Film Review: Begum Jaan

Srijit Mukherji's Hindi remake of his Partition drama Rajkahini' is unsubtle and uninspiring


Begum Jaan packs more Partition into 130 minutes than one could possibly hope for. It's dedicated to Manto and Ismat Chughtai, even though its brand of wit suggests cudgel, not scalpel. The film has migration, communal violence, multiple rapes, a brief scene of interreligious harmony, burnings, lynchings, dismemberings, the Indian National Congress and the Muslim League, and more symbols of spatial, geographical and emotional division that you could shake a Ritwik Ghatak memoir at. This isn't historical drama, it's Partition po*n.

There is, at the heart of it, the germ of a good idea. It's 1947, and India is about to gain freedom"and become two nations. When the authorities get down to the construction of a border fence, they find out the line passes through a brothel run by the formidable Begum Jaan (Vidya Balan). She's handed an eviction notice by two officials from what will soon be India and Pakistan, Srivastava (Ashish Vidyarthi) and Ilyas (Rajit Kapoor), old friends who now find themselves estranged (there's a metaphor in there somewhere). She tells them that she isn't moving, and that if they try anything, she'll see that their legs and hands are partitioned from their bodies.

Though it's set almost entirely in 1947, writer-director Mukherji (remaking his own Bengali film Rajkahini as Begum Jaan) has no problem appropriating modern-day crises to fit, or awkwardly dangle off of, his narrative. Take the opening sequence, which begins on a bus in Delhi in 2016. A group of drunk men board and start hassling a young couple, forcing them off the vehicle. They start pummeling the boy, and two of them bear down on the girl. Just then, an old woman with braids in her hair comes forward and, to their horror, starts to strip. The allusions to the 16 December Delhi rape case and the 2004 anti-AFSPA protests in Manipur are impossible to miss, and their twin use in this scene has a lurid, opportunistic quality.

This scene starts the film off at a level of hysteria that never really abates. The women of the brothel are from Punjab, Haryana, Gujarat, Bihar and Rajasthan; their conversations are a cacophonous mix of accents, none of which sound quite right (including a variety of north Indian dialects in your first Hindi film seems like quite a risk). Balan initially plays Begum Jaan as a steely manipulator but, as the film progresses, she's made to hyperventilate and flail about like a less capable actor. The film gathers a number of dubious, if specific, honours along the way: worst throwing-stones-in-a-river-as-an-outlet-for-feelings scene, most implausible averting of attempted rape, worst Mexican standoff ever.

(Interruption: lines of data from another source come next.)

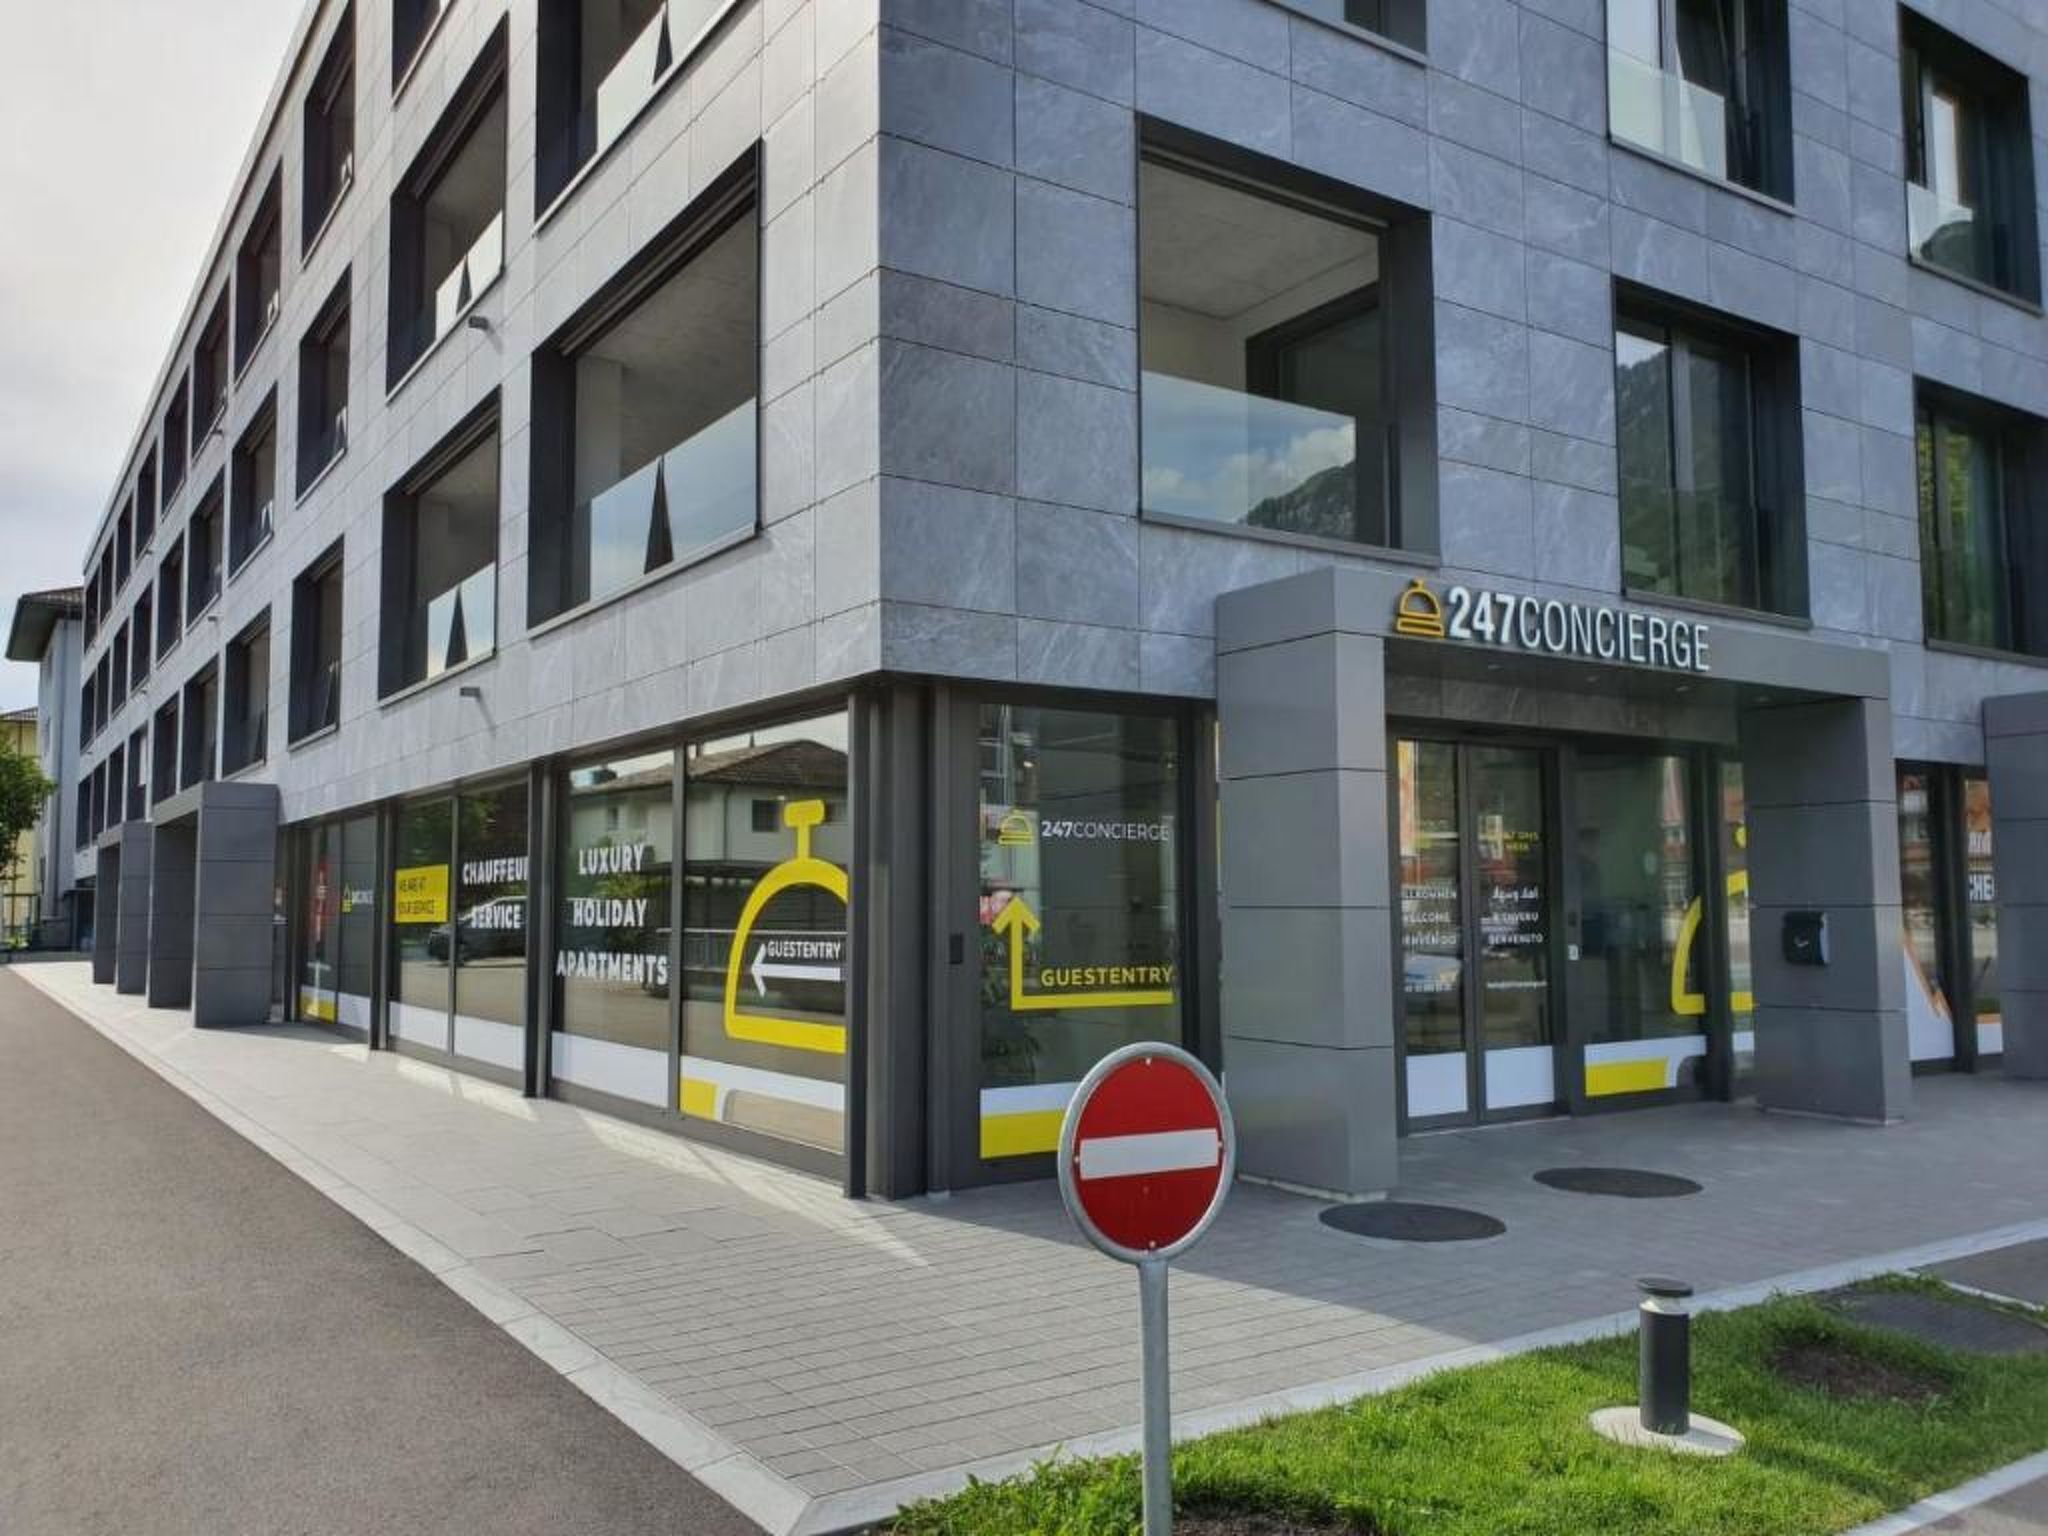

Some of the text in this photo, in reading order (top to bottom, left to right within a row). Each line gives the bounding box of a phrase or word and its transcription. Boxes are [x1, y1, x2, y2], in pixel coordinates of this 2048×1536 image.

[1449, 586, 1710, 671] 247CONCIERGE
[1041, 821, 1169, 841] 247CONCIERGE
[579, 844, 644, 875] LUXURY
[471, 903, 522, 929] SERVICE
[573, 898, 648, 927] HOLIDAY
[766, 940, 842, 959] GUESTENTRY
[556, 950, 670, 985] APARTMENTS
[1041, 965, 1173, 987] GUESTENTRY

This film has nothing new to tell us about this tumultuous time in our history: the British were apparently very bad, so were politicians on both sides, so were royal families. This is the kind of broadly simplistic film in which a little girl can ask, "Is it the same thing to kill a Hindu and a Muslim?" The awkward combination of Partition-era exploitation and TV serial-ish melodrama is further exacerbated by occasional arty touches. One particularly jarring visual effect recurred in the scenes with Srivastava and Ilyas. Whenever there was a close-up on either, only half the face appeared onscreen. I'm partitioning their faces, Mukherji seems to be saying. Go figure.

Begum Jaan harks back to two films from the heyday of parallel cinema. The first is Shyam Benegal's Mandi (1983), a far superior film about a group of prostitutes bossed around by a fearsome madam. There also appear to be several nods to Ketan Mehta's Mirch Masala (1987): Naseeruddin Shah appears in both films as a rapacious man with a taste for gramophone music, both feature a bearded protector with a gun. These films had some of the most fascinating female characters in all of Hindi cinema; Begum Jaan isn't even the best film about a strong, unapologetic woman released in the last few weeks. That would be Anaarkali of Aarah, a film that serves its defiance with a side of humour instead of beating viewers over the head with a history book.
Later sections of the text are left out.